Depuis le xixe siècle en effet, lorsque l’histoire littéraire se veut « histoire », elle tente, comme les disciplines « scientifiques », de se passer à la fois de l’auteur et du texte. Le comble de ce paradoxe pourrait être matérialisé par la formule de Renan dans L’avenir de la science : « l’Histoire littéraire est destinée à remplacer en grande partie la lecture directe des oeuvres de l’esprit humain[25] ». Quant à la « méthode » de Sainte-Beuve, qui emprunte aux Romantiques l’idée (historienne) que le grand écrivain (comme tous les grands hommes) incarne son siècle et que, partant, la vie explique l’oeuvre, elle conçoit la valeur à partir des qualités personnelles et des intentions de l’auteur, moralisant l’histoire littéraire au point d’en négliger des chefs-d’oeuvre (comme Les fleurs du mal)[26]. Histoire ou littérature, il faut donc choisir. La « nouvelle critique » choisit le texte et développe des méthodes nouvelles de lecture, désormais la poétique des textes sera au centre de l’enseignement de la discipline.

Pour Barthes, « l’histoire littéraire n’est jamais que l’histoire des oeuvres » alors que la littérature a « pour fonction d’institutionnaliser la subjectivité ». « La première règle objective » pour le critique est donc « d’annoncer [son] système de lecture, étant entendu qu’il n’en existe pas de neutre ». Certes, l’affirmation vise à conditionner une méthode disciplinaire, mais elle définit aussi la littérature contre l’histoire – au double sens du terme, puisque l’oeuvre est à la fois « signe d’une histoire et résistance à cette histoire » – parce que celle-ci croit à la neutralité de son système de lecture du monde et à la transparence de son récit.

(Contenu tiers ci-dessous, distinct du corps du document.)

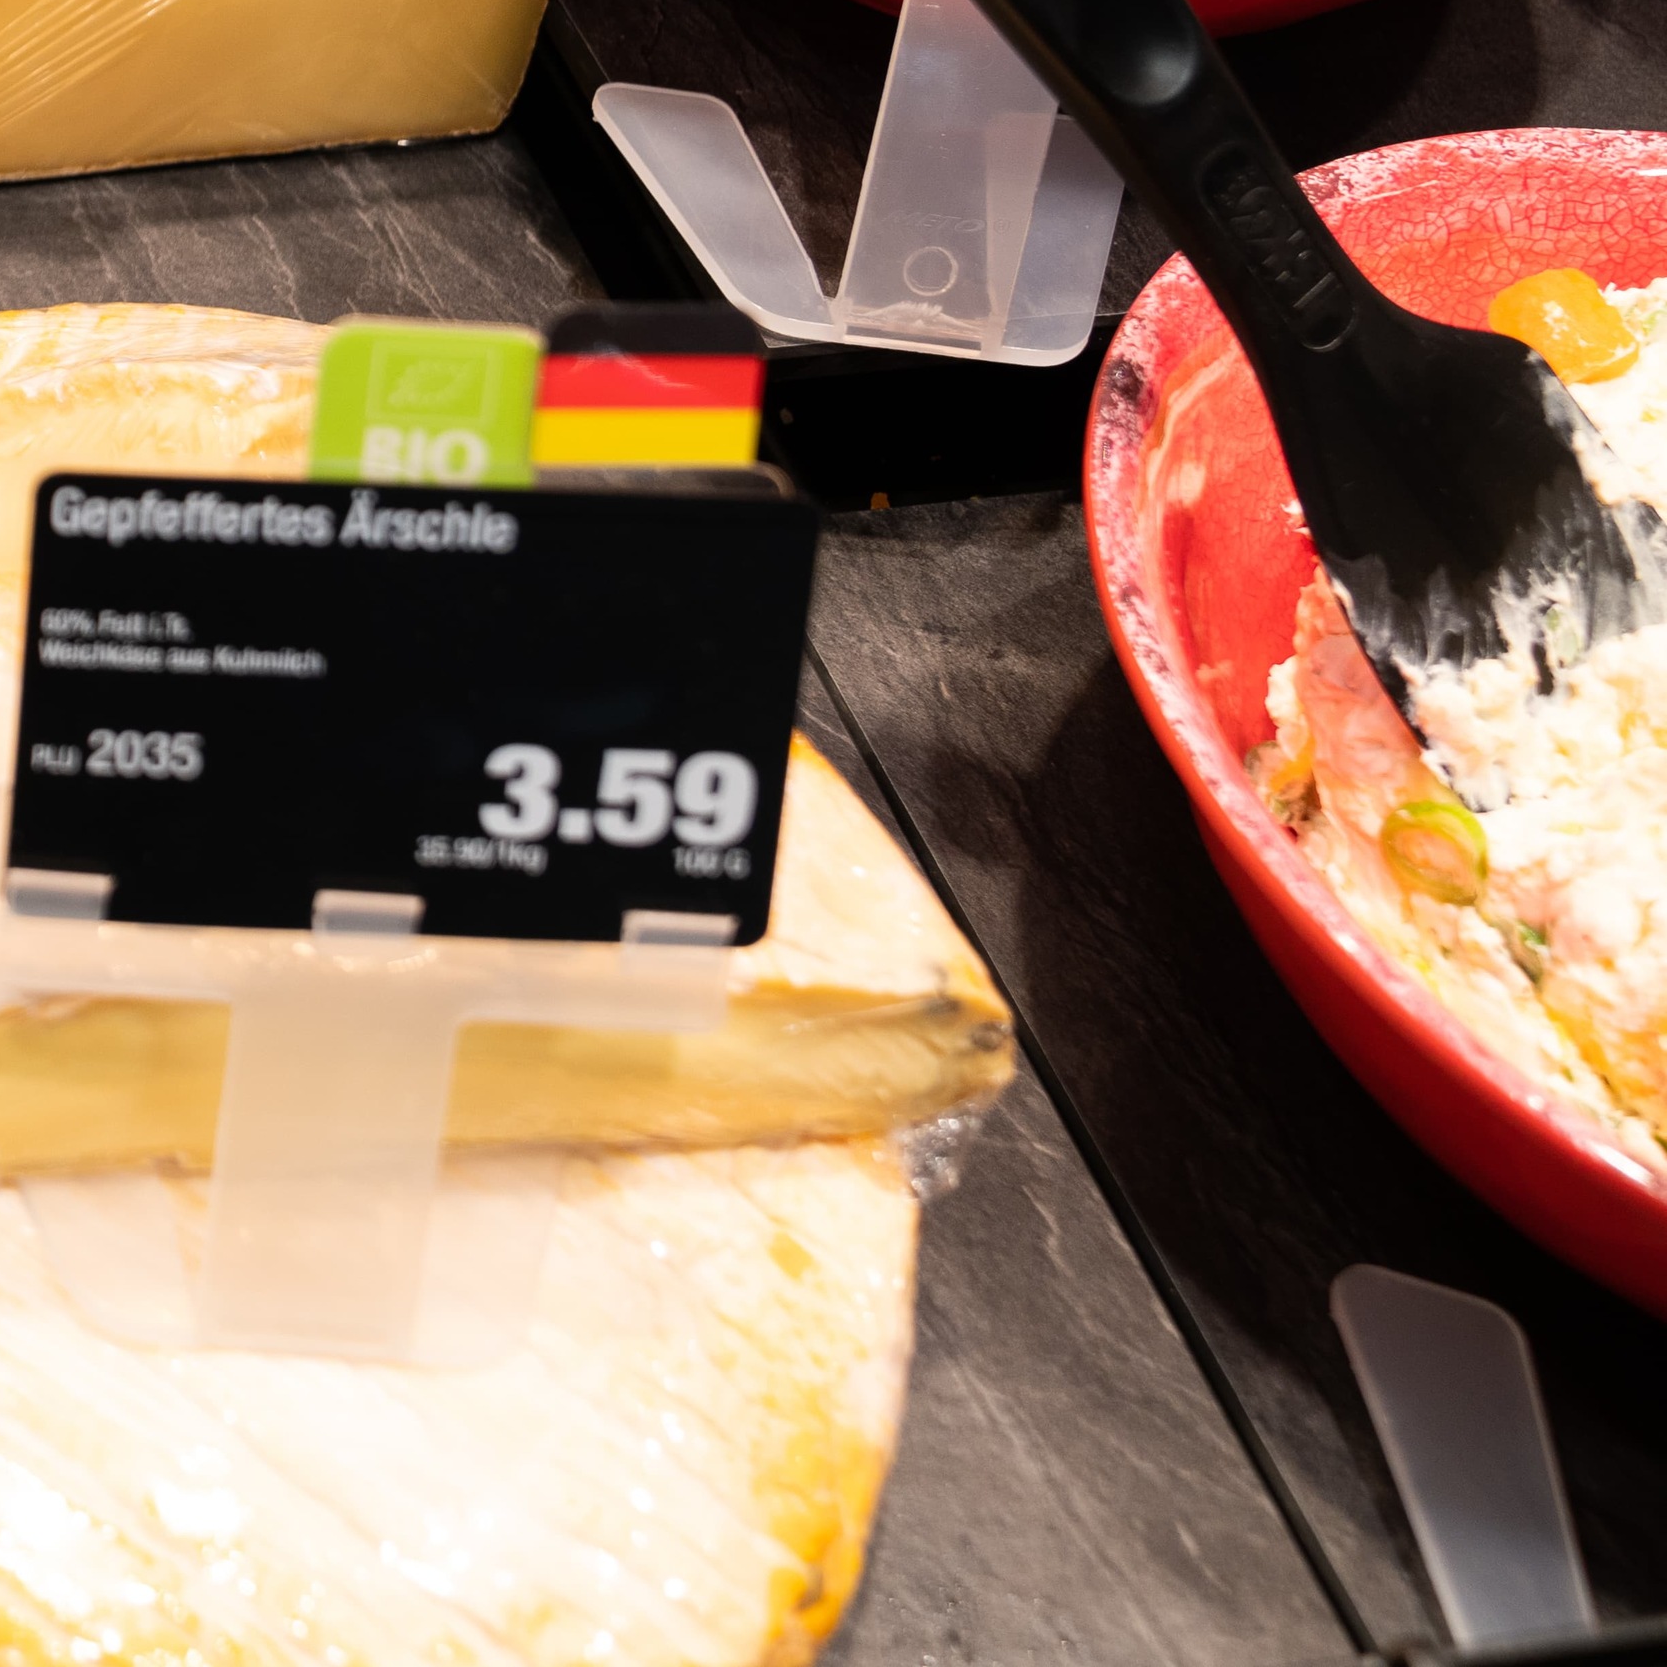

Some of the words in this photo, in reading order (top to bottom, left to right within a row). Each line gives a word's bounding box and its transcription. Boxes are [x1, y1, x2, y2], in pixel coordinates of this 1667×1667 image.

[360, 426, 487, 486] BIO
[50, 486, 333, 545] Gepfeffertes
[339, 490, 517, 552] Ärschle
[86, 729, 203, 779] 2035
[477, 742, 759, 848] 3.59

Certes, depuis les années 1960 et le texte-manifeste de Barthes, depuis Ferdinand Braudel et sa Méditerranée même, les historiens ont questionné leur rapport à cette transparence et engagé des réflexions sur la construction du récit de l’histoire. Mais l’ont-ils véritablement considéré avec les méthodes de l’analyse du récit, en se posant la question de la genèse des formes, de la contextualisation, de la réception pour leur récit et leurs sources – en termes littéraires, autrement dit ?

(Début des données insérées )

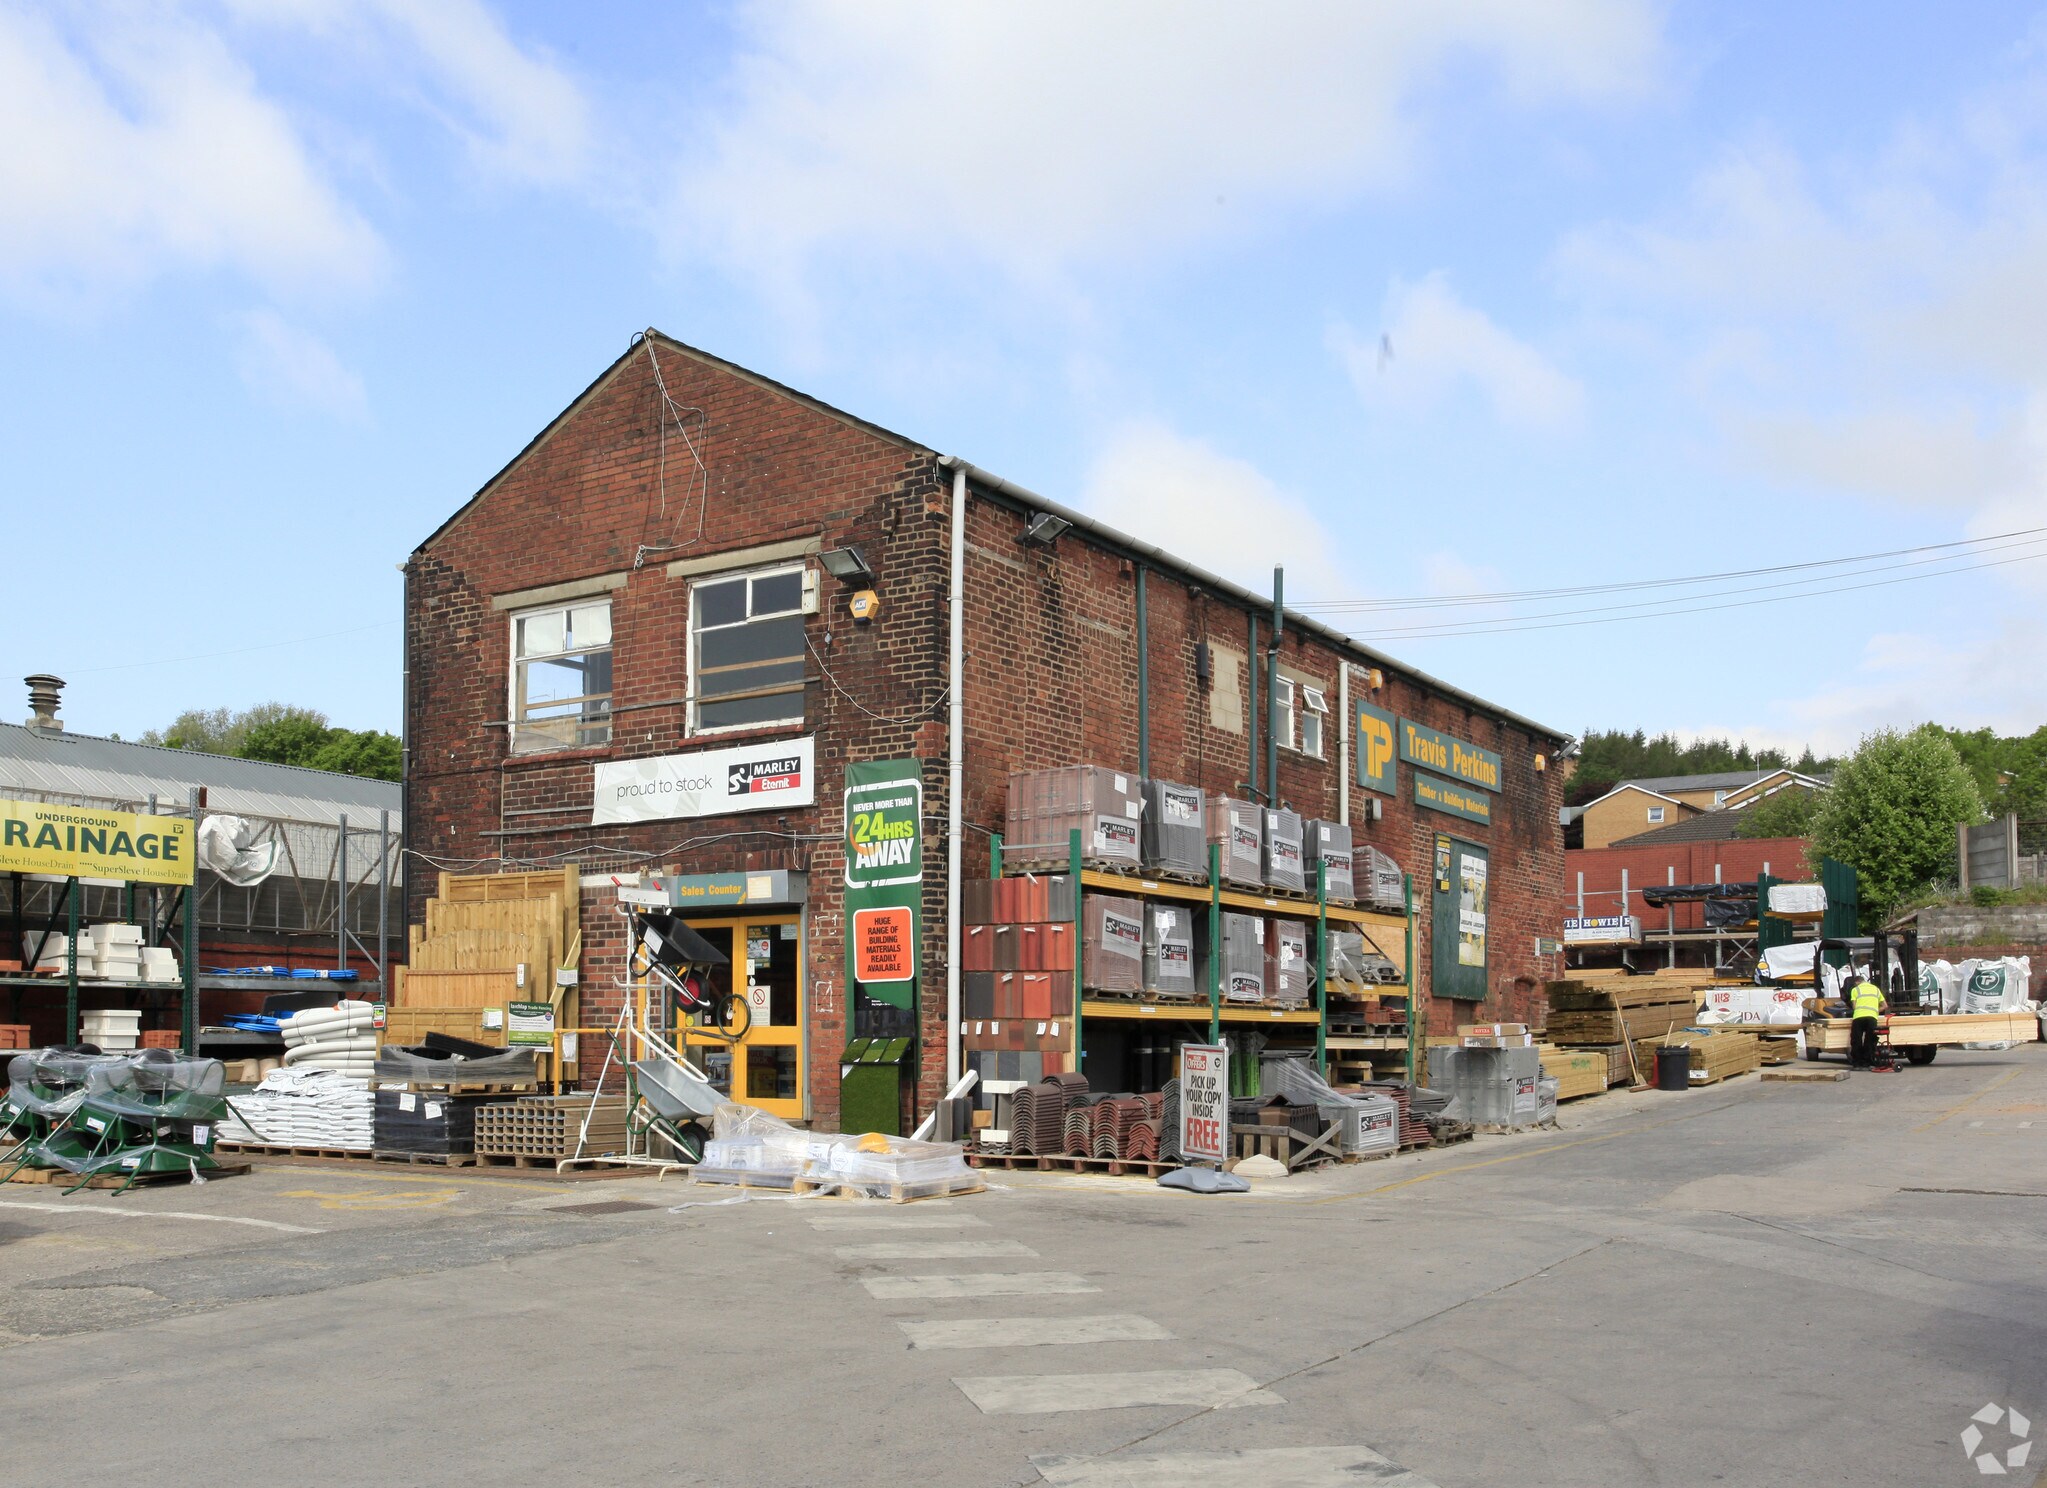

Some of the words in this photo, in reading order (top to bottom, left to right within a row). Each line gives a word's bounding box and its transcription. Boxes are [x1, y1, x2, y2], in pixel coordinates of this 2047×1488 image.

[1361, 712, 1393, 779] TP
[1407, 726, 1447, 769] Travis
[1453, 743, 1497, 785] Perkins
[754, 759, 798, 776] MARLEY
[617, 780, 656, 801] proud
[658, 779, 672, 793] to
[675, 774, 712, 791] stock
[761, 778, 790, 791] Eternit
[853, 802, 874, 812] NEVER
[875, 799, 894, 809] MORE
[895, 797, 913, 807] THAN
[1418, 782, 1436, 800] Timber
[1444, 791, 1464, 811] Building
[1466, 798, 1489, 816] Materials
[35, 812, 118, 828] UNDERGROUND
[854, 811, 914, 843] 24HRS
[1112, 824, 1135, 835] MARLEY
[4, 819, 179, 861] RAINAGE
[855, 838, 915, 869] AWAY
[22, 857, 74, 870] HouseDrain
[93, 863, 141, 876] SuperSleve
[142, 868, 189, 879] HouseDrain
[681, 885, 705, 896] Sales
[708, 884, 742, 895] Counter
[874, 917, 891, 925] HUGE
[1120, 922, 1140, 933] MARLEY
[867, 926, 889, 935] RANGE
[890, 926, 898, 934] OF
[869, 936, 898, 945] BUILDING
[866, 944, 901, 954] MATERIALS
[871, 954, 897, 963] READILY
[867, 963, 901, 972] AVAILABLE
[1980, 975, 1997, 986] TP
[1191, 1075, 1205, 1089] PICK
[1206, 1076, 1216, 1090] UP
[1185, 1089, 1202, 1103] YOUR
[1204, 1091, 1221, 1105] COPY
[1192, 1104, 1214, 1118] INSIDE
[1186, 1118, 1219, 1151] FREE

Lorsque l’historien fait référence à la littérature, il ne pense pas à l’histoire littéraire ni à la poétique, ces deux pôles structurants de la discipline littéraire, il pense à la création littéraire. Son « autre » n’est pas l’universitaire spécialiste de littérature mais le romancier, l’artiste. Rêvons : s’il prenait des cours de littérature, ce seraient des cours de creative writing.

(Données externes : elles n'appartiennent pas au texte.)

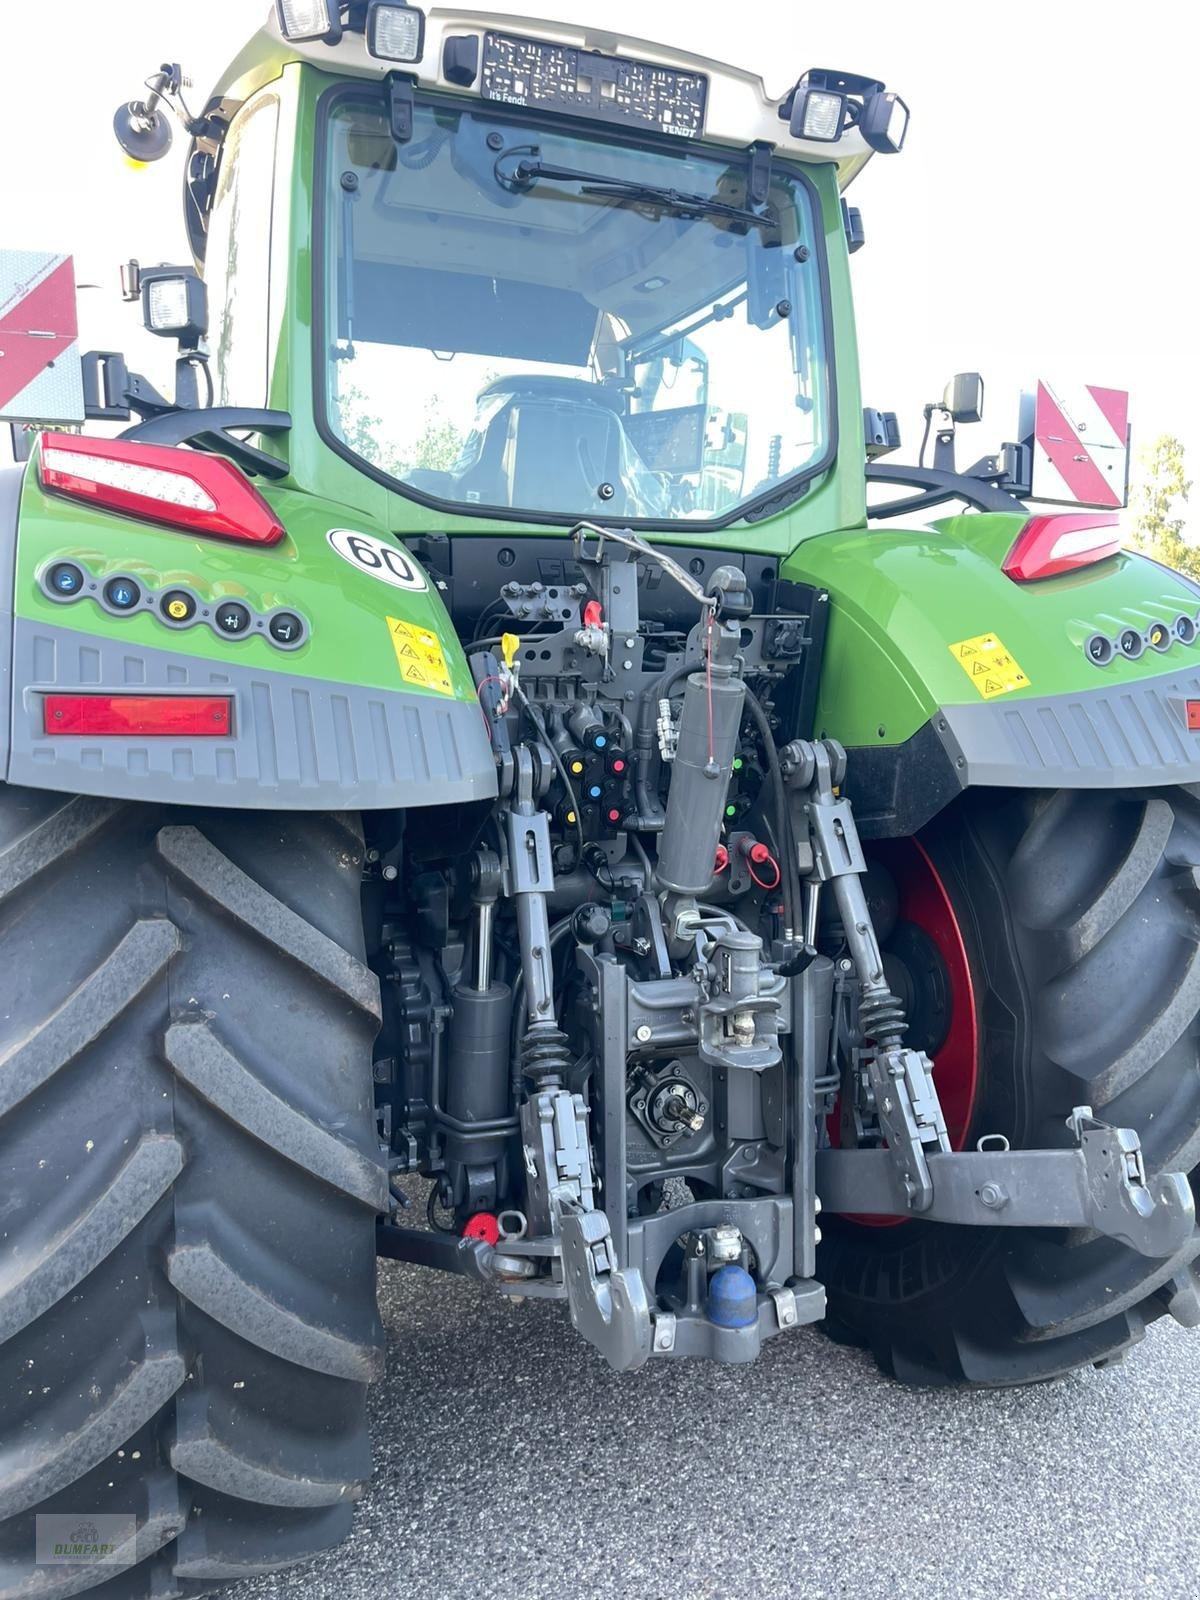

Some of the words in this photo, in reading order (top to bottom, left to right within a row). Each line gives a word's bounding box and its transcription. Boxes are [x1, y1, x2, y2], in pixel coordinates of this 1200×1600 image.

[490, 90, 501, 101] It's
[662, 123, 697, 138] FENDT
[347, 536, 415, 582] 60

« Je veux être un artiste »

Pourtant, les origines littéraires des dispositifs d’interprétation de l’histoire (en premier lieu, mais pas uniquement, mimesis et diegesis) méritent d’être historicisées et analysées. Comme l’a montré Jacques Rancière, les procédures « par lesquelles un discours se soustrait à la littérature, se donne un statut de science et le signifie » sont des procédures littéraires[27]. Les pratiques des historiens ne dépendent pas seulement des modèles narratifs qui leur sont contemporains ; elles sont tributaires d’autres héritages et d’autres contraintes que ceux de la seule actualité. Dans cette perspective, histoire littéraire et poétique permettraient sans doute de mieux les comprendre[28].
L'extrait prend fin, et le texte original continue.